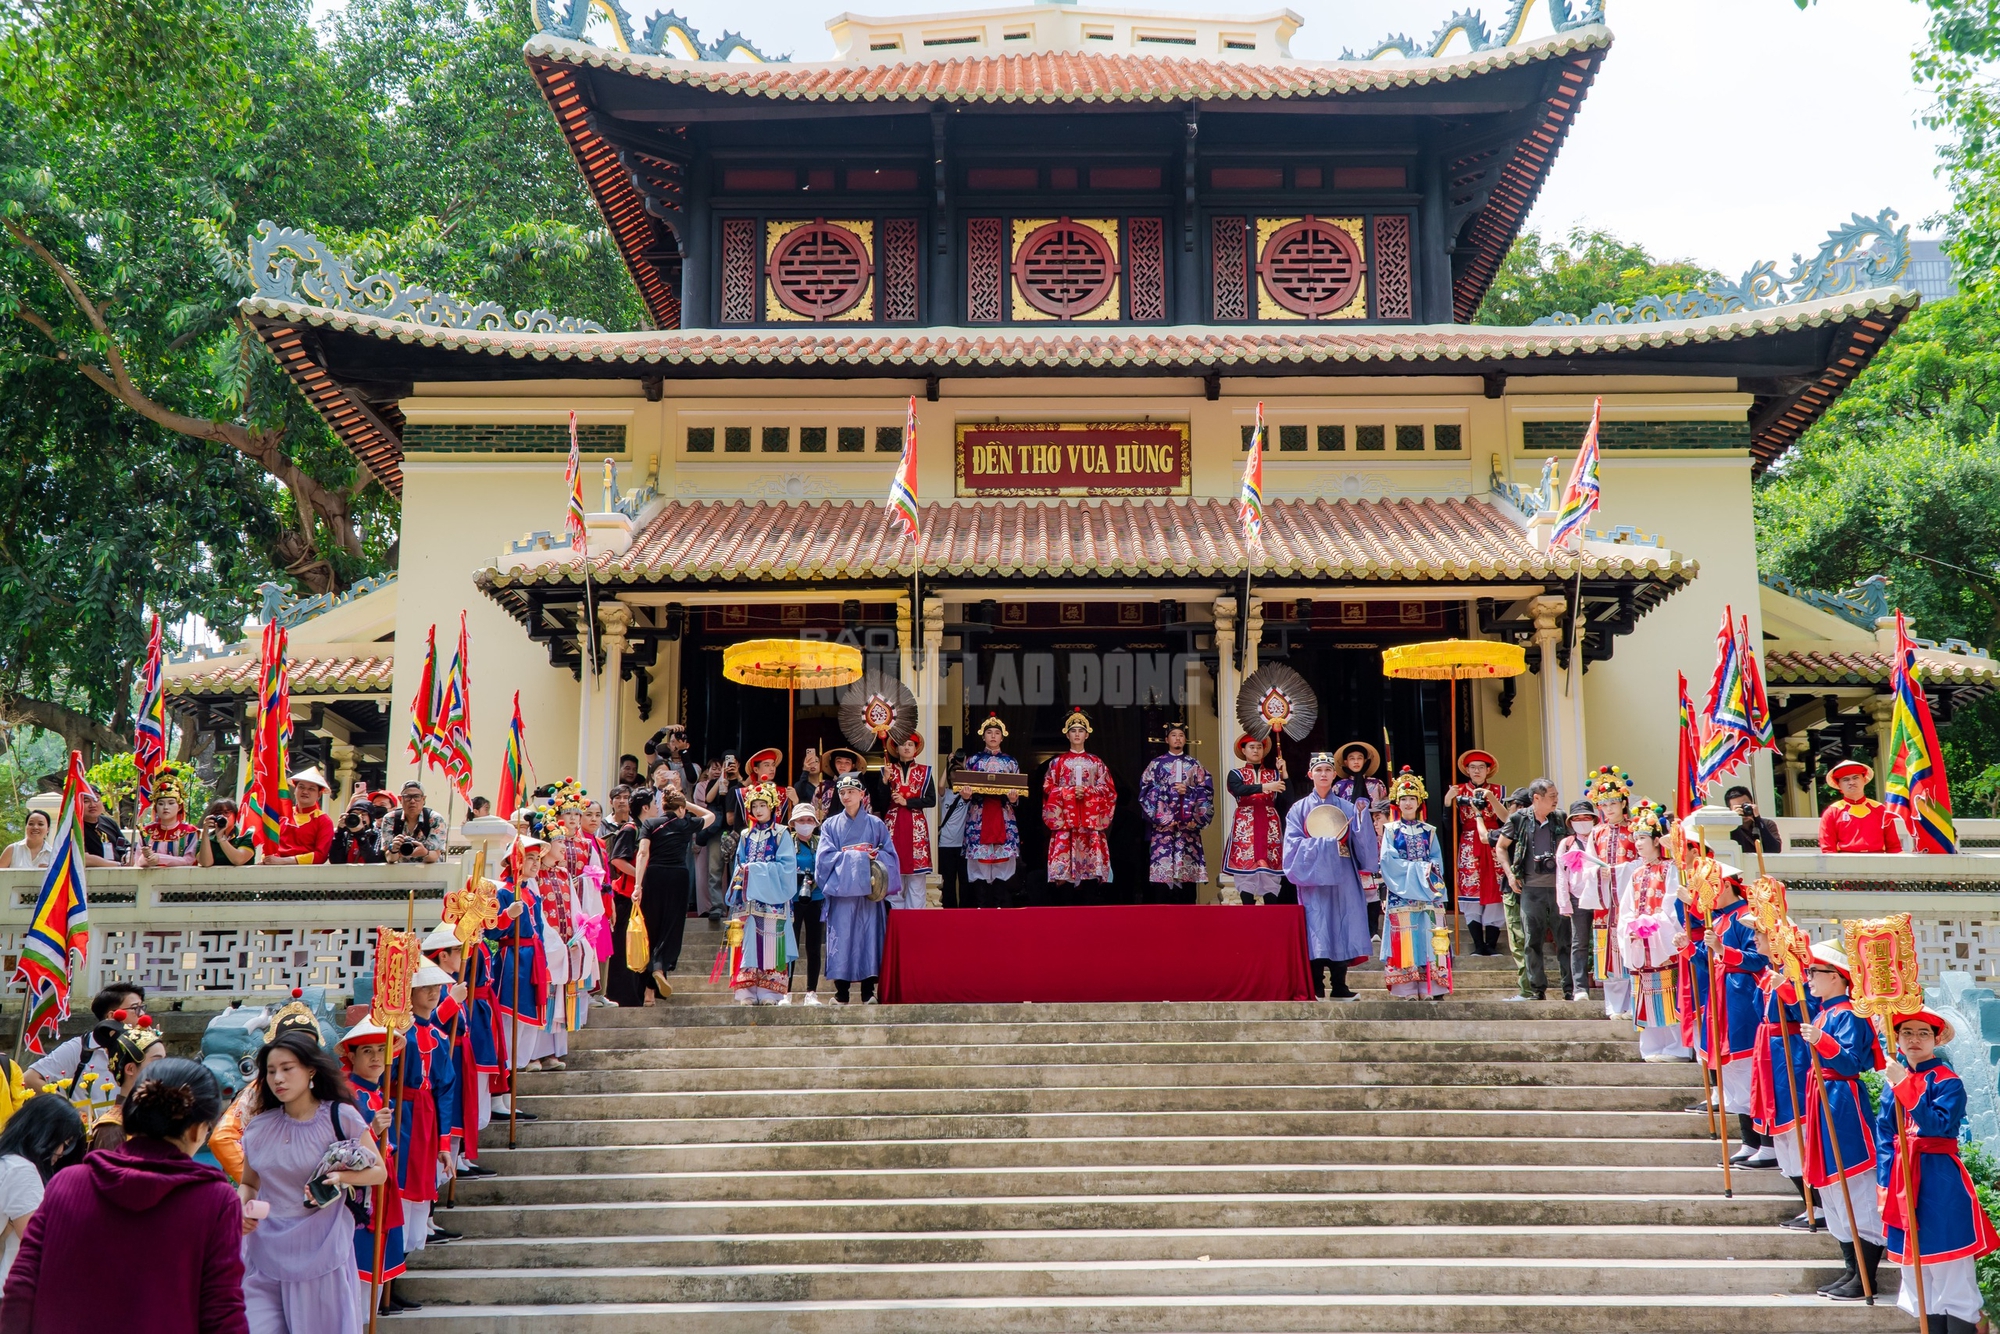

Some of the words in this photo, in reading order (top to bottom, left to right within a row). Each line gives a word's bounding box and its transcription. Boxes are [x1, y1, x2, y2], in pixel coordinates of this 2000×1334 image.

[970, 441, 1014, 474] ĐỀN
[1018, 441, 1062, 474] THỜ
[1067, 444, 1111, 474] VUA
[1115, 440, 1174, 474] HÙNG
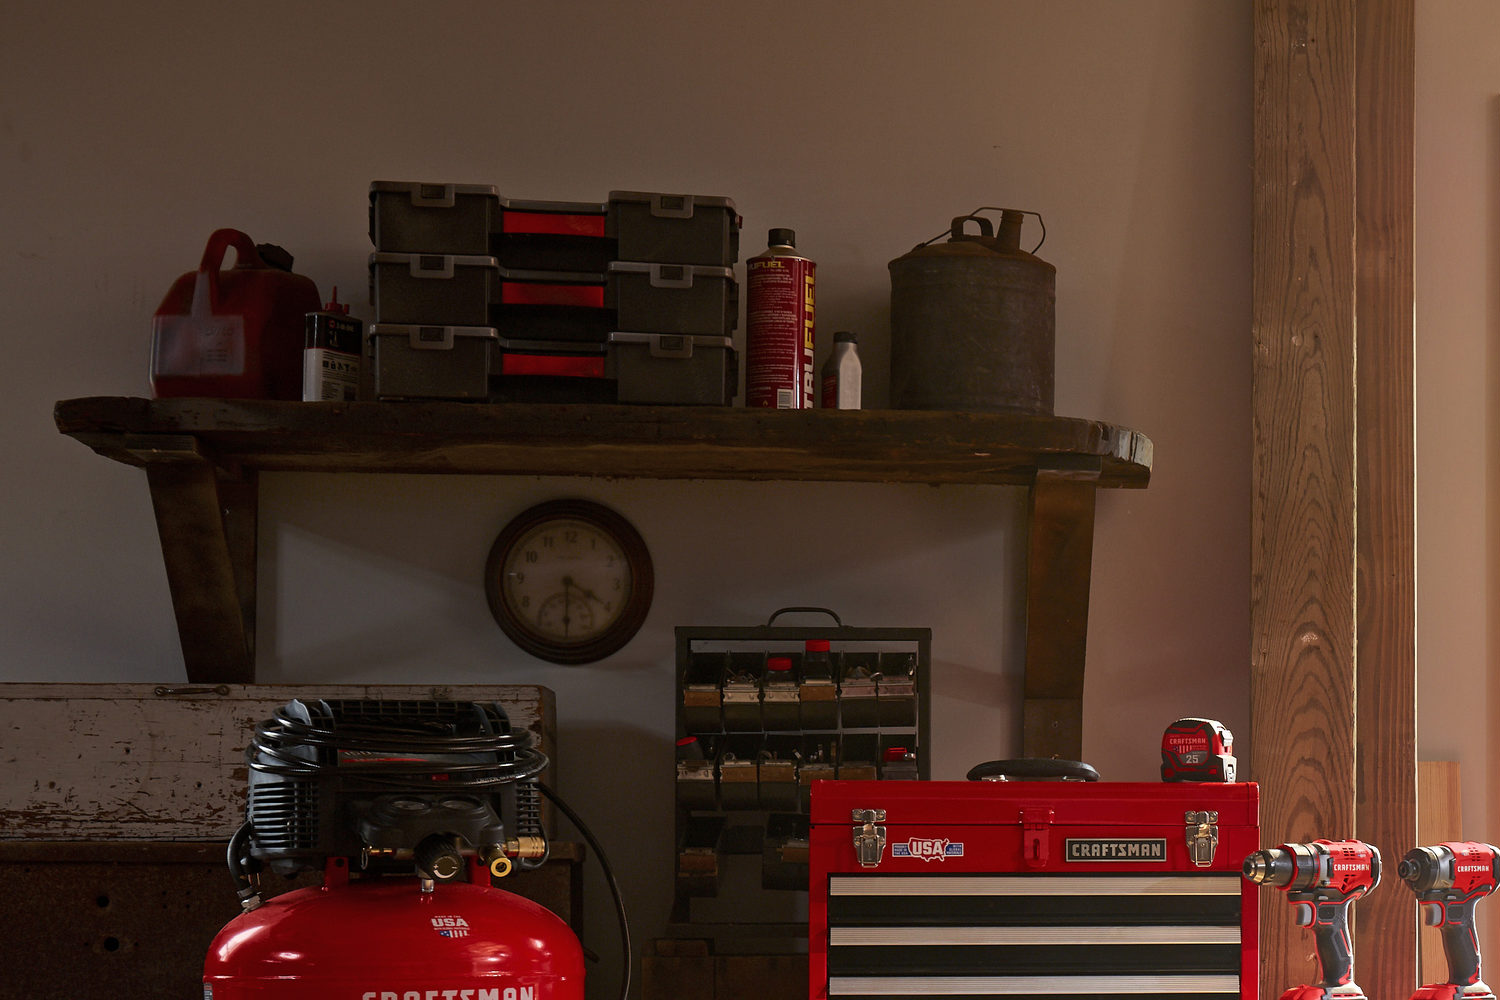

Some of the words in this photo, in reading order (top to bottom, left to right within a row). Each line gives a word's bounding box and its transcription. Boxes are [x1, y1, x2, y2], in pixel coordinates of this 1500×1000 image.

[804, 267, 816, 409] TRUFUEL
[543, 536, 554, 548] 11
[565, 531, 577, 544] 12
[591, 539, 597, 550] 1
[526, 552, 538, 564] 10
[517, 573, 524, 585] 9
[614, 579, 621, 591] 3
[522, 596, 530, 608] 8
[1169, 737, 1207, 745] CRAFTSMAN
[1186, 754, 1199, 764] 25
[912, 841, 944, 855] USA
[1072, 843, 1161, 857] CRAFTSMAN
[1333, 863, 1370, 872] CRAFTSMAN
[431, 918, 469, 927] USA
□ □ □ □ □
▸ **EXERCISE DETAILS**: One exact copy of the data is required, and it should hold no pictures.

▸ **RESPONSE FOR THIS EXERCISE**:
Some of the words in this photo, in reading order (top to bottom, left to right within a row). Each line gives a word's bounding box and its transcription. Boxes are [x1, y1, x2, y2], in pixel coordinates of this 2000×1334 image.

[970, 441, 1014, 474] ĐỀN
[1018, 441, 1062, 474] THỜ
[1067, 444, 1111, 474] VUA
[1115, 440, 1174, 474] HÙNG

Some of the words in this photo, in reading order (top to bottom, left to right within a row). Each line gives a word's bounding box and its transcription. Boxes are [x1, y1, x2, y2], in pixel coordinates of this 1500×1000 image.

[804, 267, 816, 409] TRUFUEL
[543, 536, 554, 548] 11
[565, 531, 577, 544] 12
[591, 539, 597, 550] 1
[526, 552, 538, 564] 10
[517, 573, 524, 585] 9
[614, 579, 621, 591] 3
[522, 596, 530, 608] 8
[1169, 737, 1207, 745] CRAFTSMAN
[1186, 754, 1199, 764] 25
[912, 841, 944, 855] USA
[1072, 843, 1161, 857] CRAFTSMAN
[1333, 863, 1370, 872] CRAFTSMAN
[431, 918, 469, 927] USA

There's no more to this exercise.